*** Opening of Available data ***

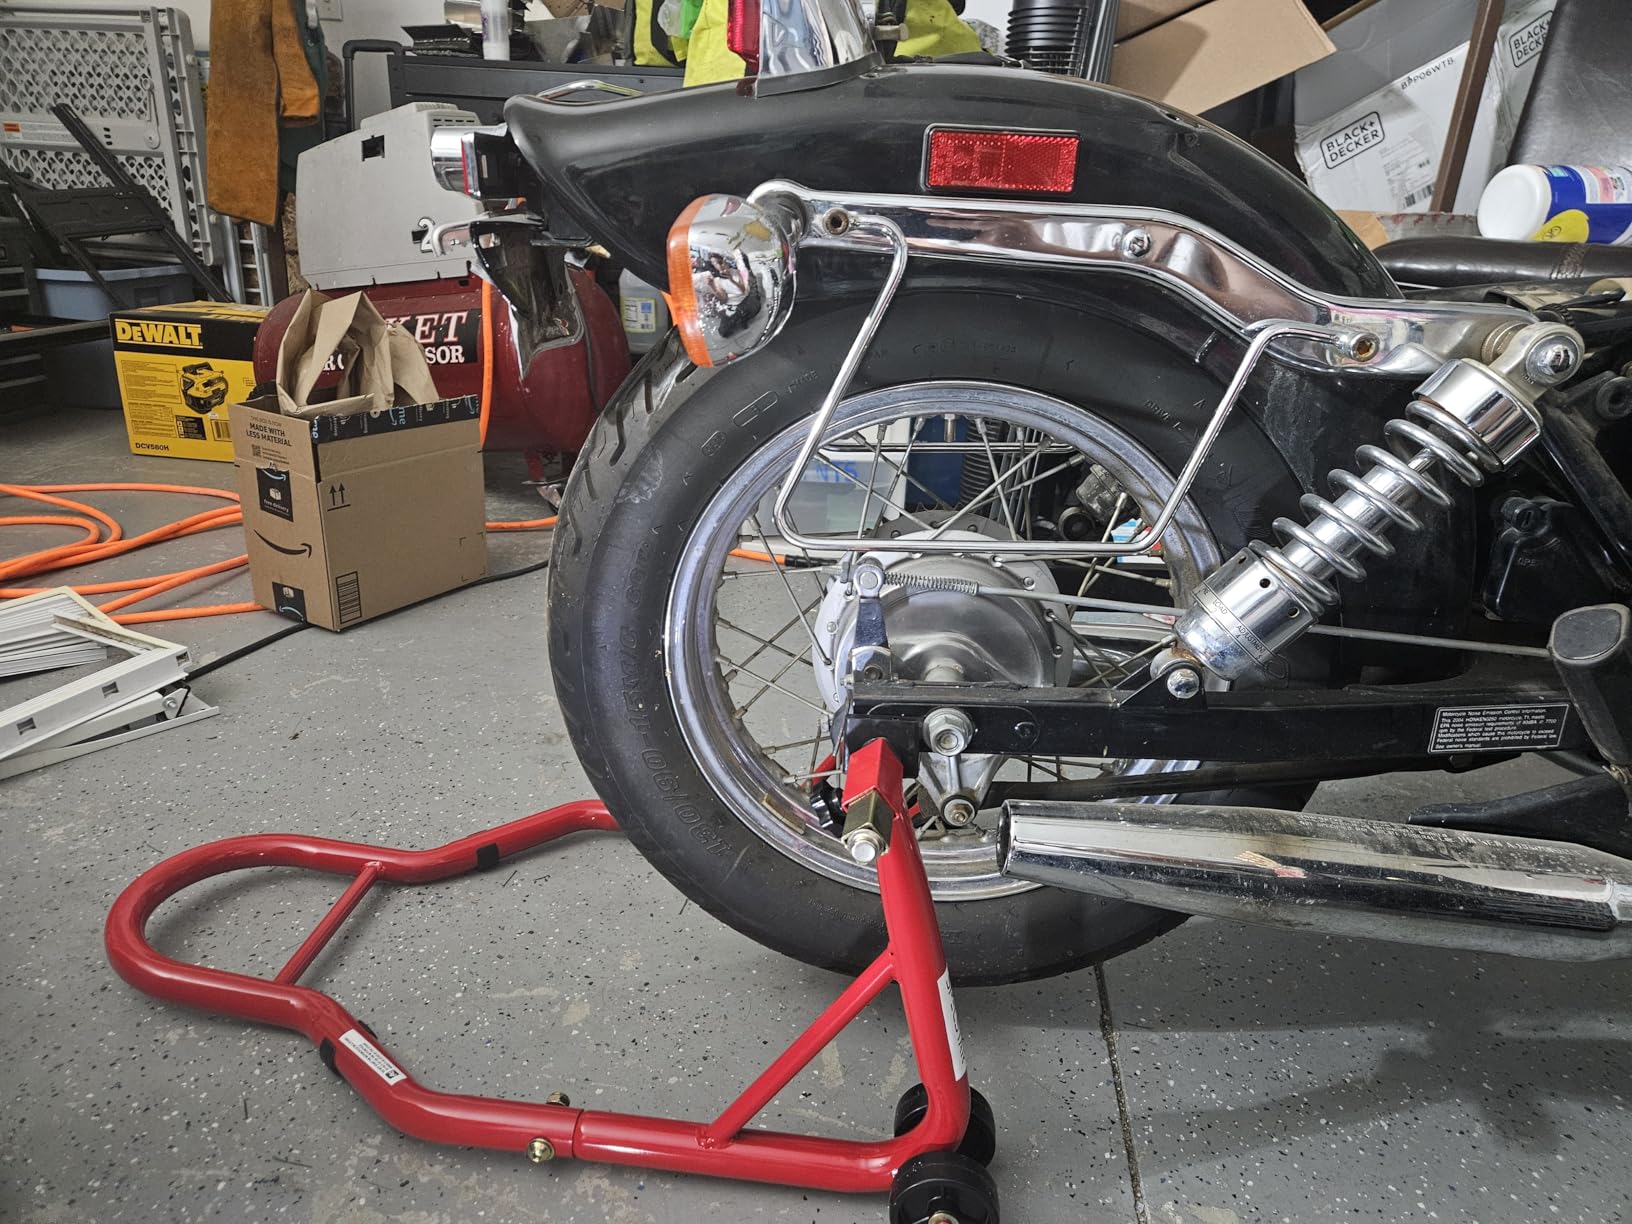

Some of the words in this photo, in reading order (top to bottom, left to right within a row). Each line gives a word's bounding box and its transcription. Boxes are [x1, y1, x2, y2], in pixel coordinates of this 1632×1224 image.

[1330, 129, 1380, 162] DECKER
[246, 430, 260, 438] LESS
[261, 434, 292, 446] MATERIAL
[250, 422, 268, 433] MADE
[268, 427, 285, 438] WITH

*** Close of Available data ***

Copy the entries exactly. Leave out the images.

Some of the words in this photo, in reading order (top to bottom, left to right within a row). Each line gives a word's bounding box and its transcription. Boxes are [x1, y1, x2, y2], in pixel coordinates of this 1632×1224 image.

[1330, 129, 1380, 162] DECKER
[246, 430, 260, 438] LESS
[261, 434, 292, 446] MATERIAL
[250, 422, 268, 433] MADE
[268, 427, 285, 438] WITH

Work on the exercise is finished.